For companies like Tesco, it brings a salutary warning about relationships and networks. A company is only as good as the relationships it has (and this goes the whole way down the supply chain network). Other major supermarkets, such as Sainsbury and Waitrose in the UK, haven’t suffered the same negative consumer responses because their products had no meat substitution. Indeed, they have benefited at the expense of those who were implicated, by arguing that they use local beef from known sources and with supply chains that are much shorter. Relationships bring burdens that mean they will always require attention to what’s happening in the network overall. The costs of monitoring relationships and maintaining the quality and integrity of the product have to be borne somewhere in the network. The economic climate may well be a driver for reducing costs overall, but the question becomes one of where the costs are borne since they cannot be eliminated completely. Some of the typically very large companies further downstream relied heavily on the costs being borne upstream, without any real basis for trusting all the actors in the network and/or effective means of identifying and protecting the value chain from fraudulent behaviour.
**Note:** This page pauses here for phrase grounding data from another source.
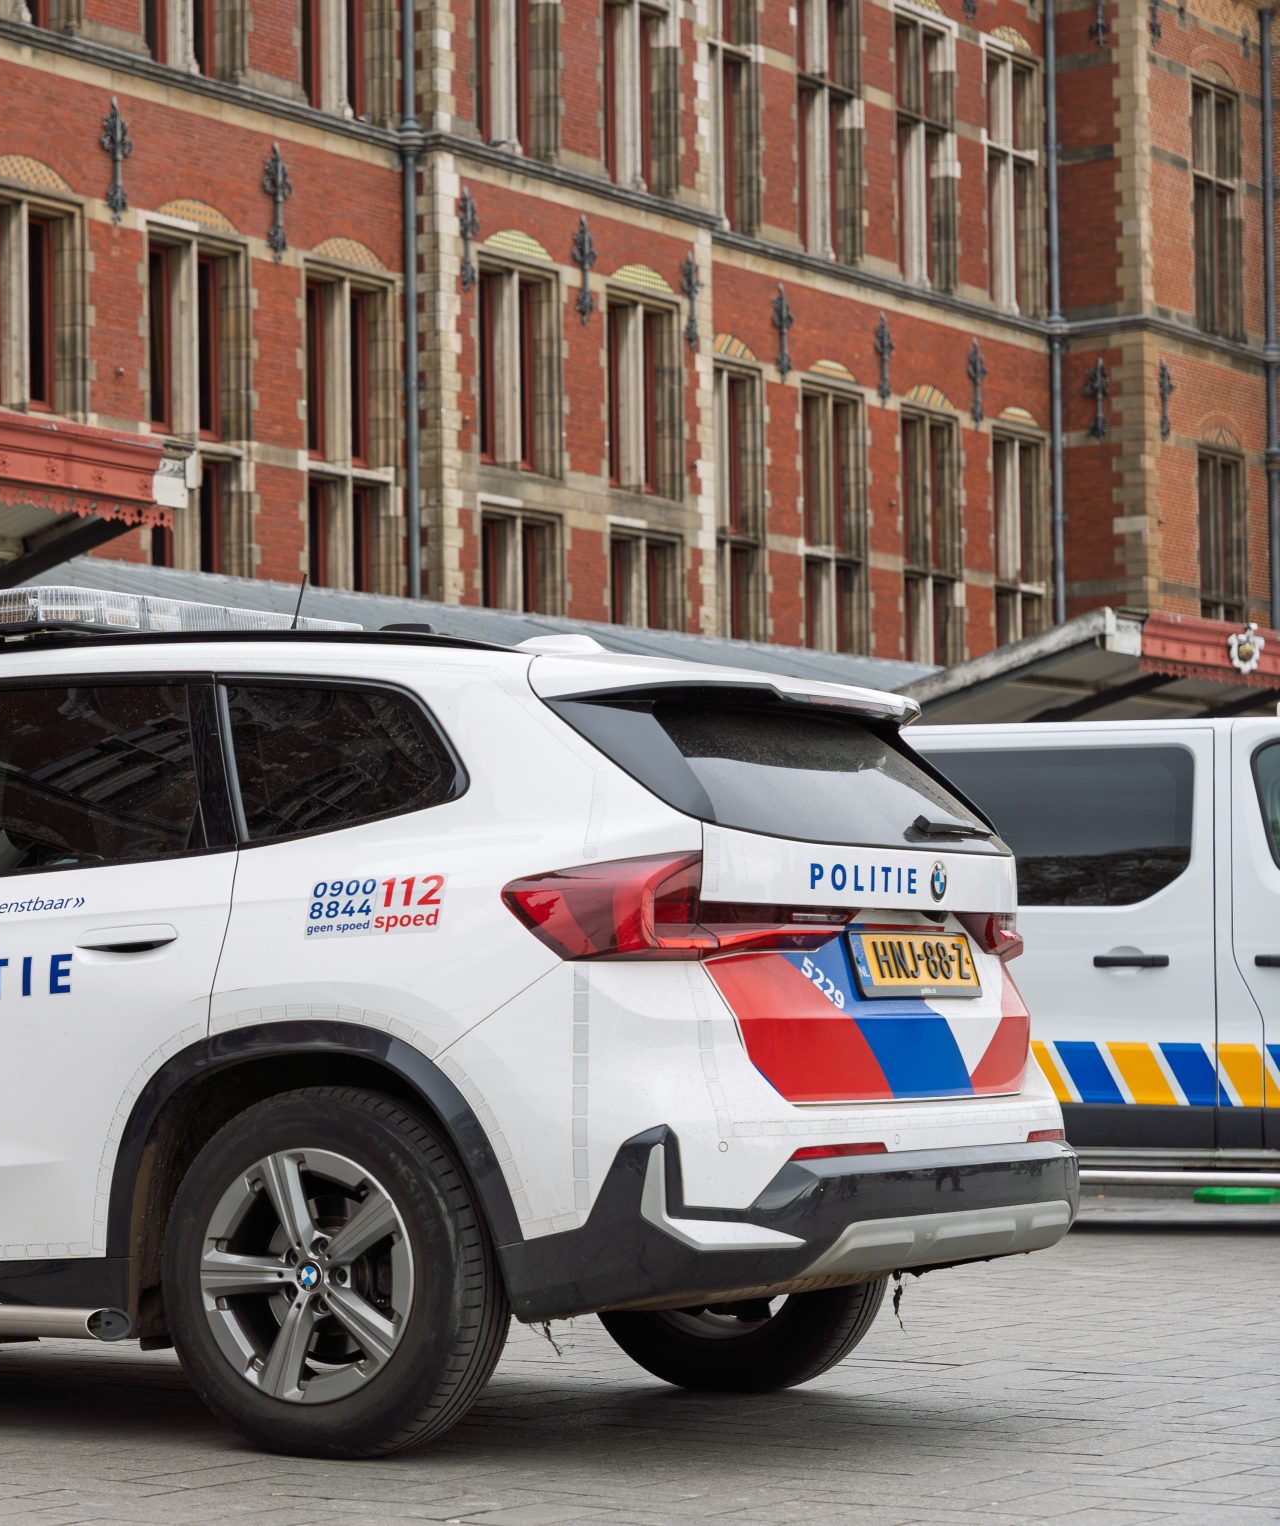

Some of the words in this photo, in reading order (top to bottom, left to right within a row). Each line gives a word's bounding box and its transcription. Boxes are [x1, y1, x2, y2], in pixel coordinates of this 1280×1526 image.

[313, 878, 377, 899] 0900
[809, 862, 918, 895] POLITIE
[381, 874, 445, 908] 112
[309, 899, 372, 920] 8844
[374, 908, 439, 932] spoed
[307, 923, 333, 935] geen
[336, 920, 370, 933] spoed
[858, 966, 870, 977] NL
[871, 941, 971, 980] HNJ-88-Z
[800, 956, 845, 1010] 5229
Given what Håkansson and Snehota (1995a) have called the unruliness and stickiness of relationships, where companies don’t have total control and are dependent on the associates of associates, in retrospect this appears to have been a risk that came back to bite them. Of course, it was possible for many of the big players to drop key suppliers quite quickly in light of the scandal as it unfolded. However, adverse consequences did occur, notably, damage to reputation, the likelihood of greater product assurance costs arising from the more stringent requirements of the food standards agencies, and the prospect of having to assume greater relationship costs in the future.